Written by Daniel Da Costa at The Motley Fool Canada
When the pandemic first hit in early 2020, stocks from almost every sector initially saw massive sell-offs. It soon became clear, though, which industries would be able to weather the storm and which would be most significantly impacted. As many investors know by now, airline stocks suffered major losses throughout the pandemic, especially early on. The lower valuations also make them some of the best to add to your buy list.
As a result of the pandemic, many airline stocks in North America, and especially Air Canada (TSX:AC) north of the border, became highly popular over the last few years. Investors were enticed by how cheaply they traded and their recovery potential when the pandemic was finally in the rearview.
However, even as we begin September of 2023, more than three and a half years since the pandemic first hit, most airline stocks, including Air Canada, trade well off their pre-pandemic trading ranges.

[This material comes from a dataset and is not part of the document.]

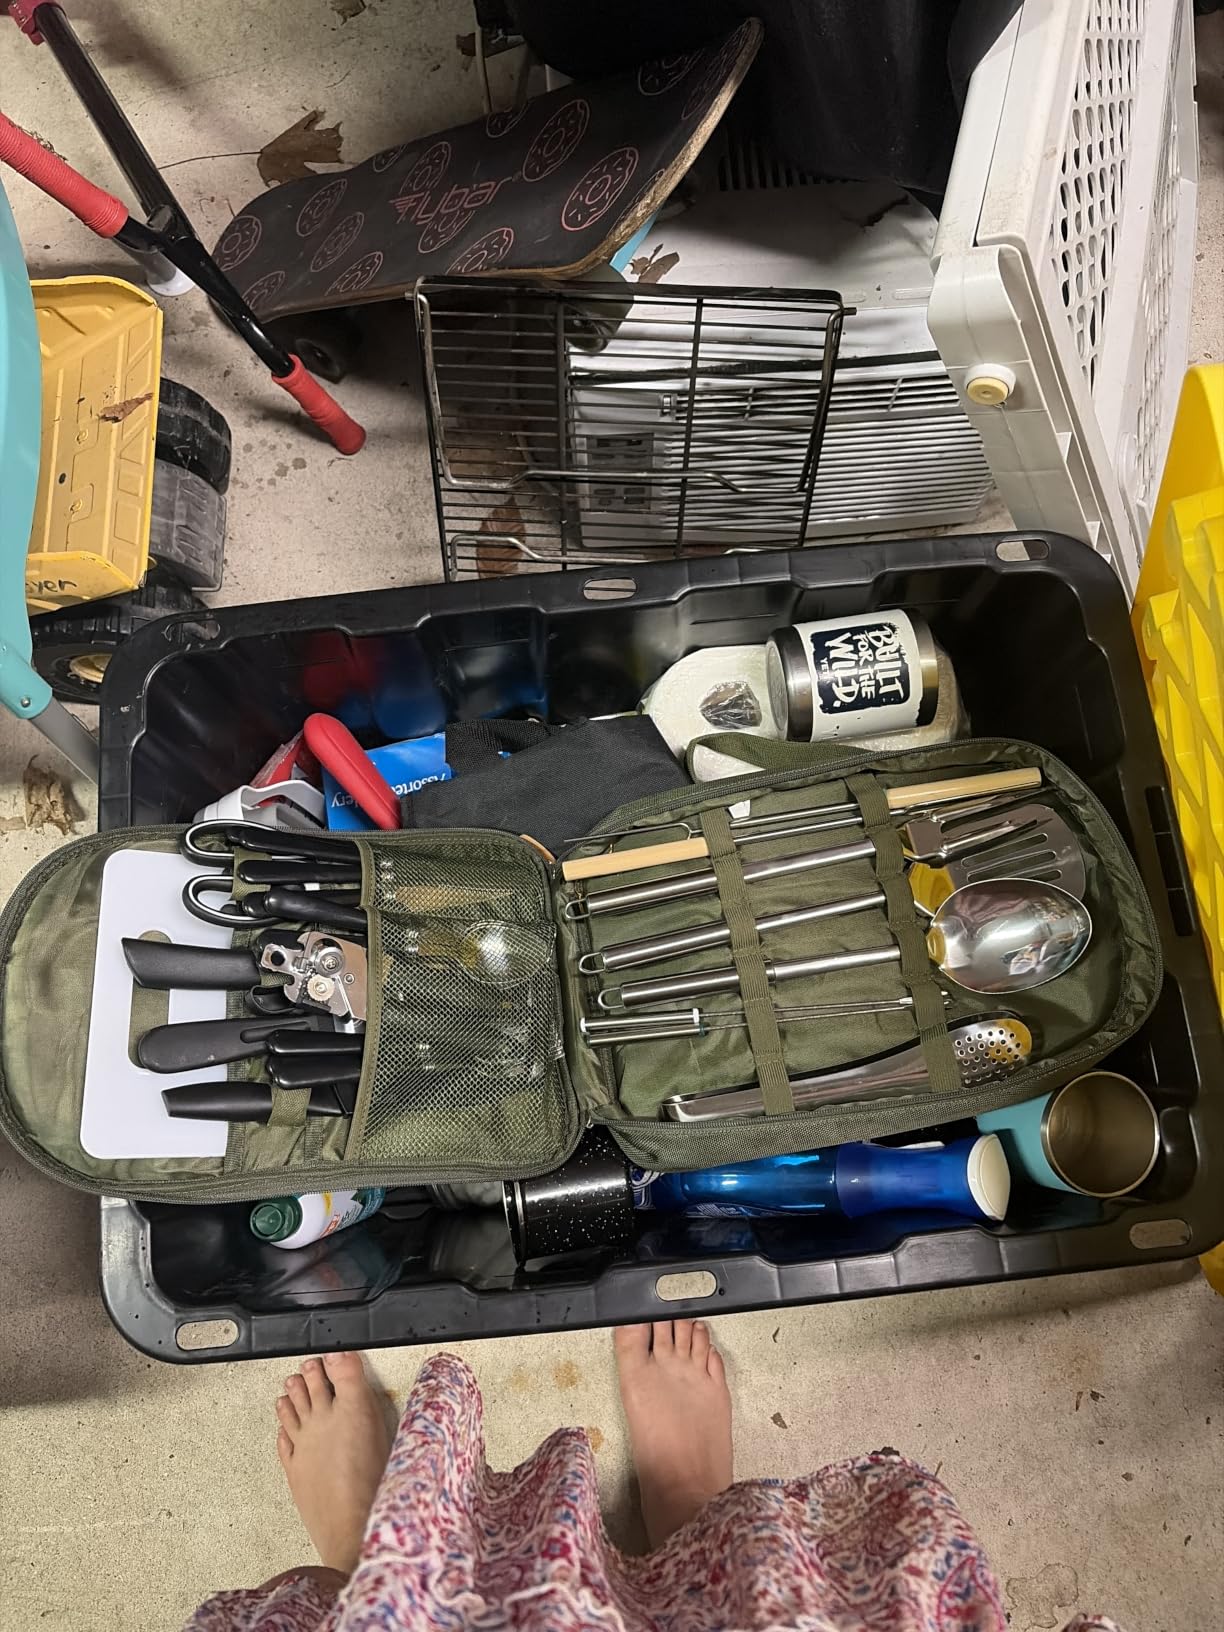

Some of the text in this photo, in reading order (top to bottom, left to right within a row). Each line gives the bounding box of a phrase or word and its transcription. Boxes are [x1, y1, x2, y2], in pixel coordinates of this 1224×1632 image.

[389, 178, 511, 225] Flybar
[852, 630, 875, 699] FOR THE
[865, 625, 904, 699] BUILT

In fact, Canadian investors have a significant opportunity as Air Canada is one of the cheapest, currently trading at just under $23. That’s more than 55% below its pre-pandemic trading price of roughly $52.
So consider the ultra-low market price of Air Canada shares and the fact that for over a year now, the industry has been recovering rapidly and faced little to no pandemic restrictions. No doubt, many investors are wondering if airline stocks are some of the best stocks to buy in September 2023.
Are airline stocks some of the best to buy now?
Indeed, many airlines look significantly undervalued when comparing their share prices today to before the pandemic. Yet, when you dig a little deeper, you see that these stocks aren’t actually as cheap as you might think.
With Air Canada, for example, the stock more than doubled its debt load during the pandemic as it borrowed billions of dollars just to stay afloat. In addition, it also issued more shares and diluted shareholders in an effort to raise capital.
Therefore, although Air Canada stock had a market price of roughly $48.50 at the start of 2020, its market cap was over $12.8 billion. So although today its price of roughly $23 is more than 50% below $48.50, Air Canada’s current market cap is roughly $8.2 billion, only down by 36%.
This is due to the more than 358 million shares outstanding, compared to just 272 million at the start of 2020, an increase of 32%. That’s not all, though.
Market cap is one form of looking at a company’s value, but enterprise value (EV) is often preferred by investors because it includes debt and gives a more complete picture of a company’s capital makeup.
Heading into 2020, Air Canada had an enterprise value of roughly $16.3 billion. So along with its market cap at the time of roughly $12.8 billion, Air Canada had roughly $3.5 billion of net debt.
Fast forward to today, although its share price is down more than 50% and its market cap is roughly 36% lower than where it was at the start of 2020, its enterprise value of $14.4 billion is only 11.5% lower than where it was at the start of 2020.
This goes to show just how much debt Air Canada took on and how that’s impacting its valuation, even still today. It also goes to show why it’s so important to value companies based on metrics and not just by looking at the share price, which can be deceiving.
Is Air Canada still worth buying today?
Now that we know Air Canada isn’t quite as cheap as it looks, it still begs the question of whether it offers value to investors in this market environment.
Currently, the stock has a forward price-to-earnings ratio of roughly 6.2 times. That’s not only cheap, but it’s also below the 10.3 times forward earnings that it was trading at heading into 2020 and even the three-year average heading into the pandemic of 7.8 times.
However, its EV-to-earnings before interest, taxes, depreciation and amortization (EBITDA) is slightly higher than its three-year average heading into the pandemic.
Therefore, although the airline stock looks cheap and is rapidly recovering its operations, until it pays down more debt and continues to grow its profitability, it could struggle awaiting a rally anytime soon.
Before you consider Air Canada, you'll want to hear this.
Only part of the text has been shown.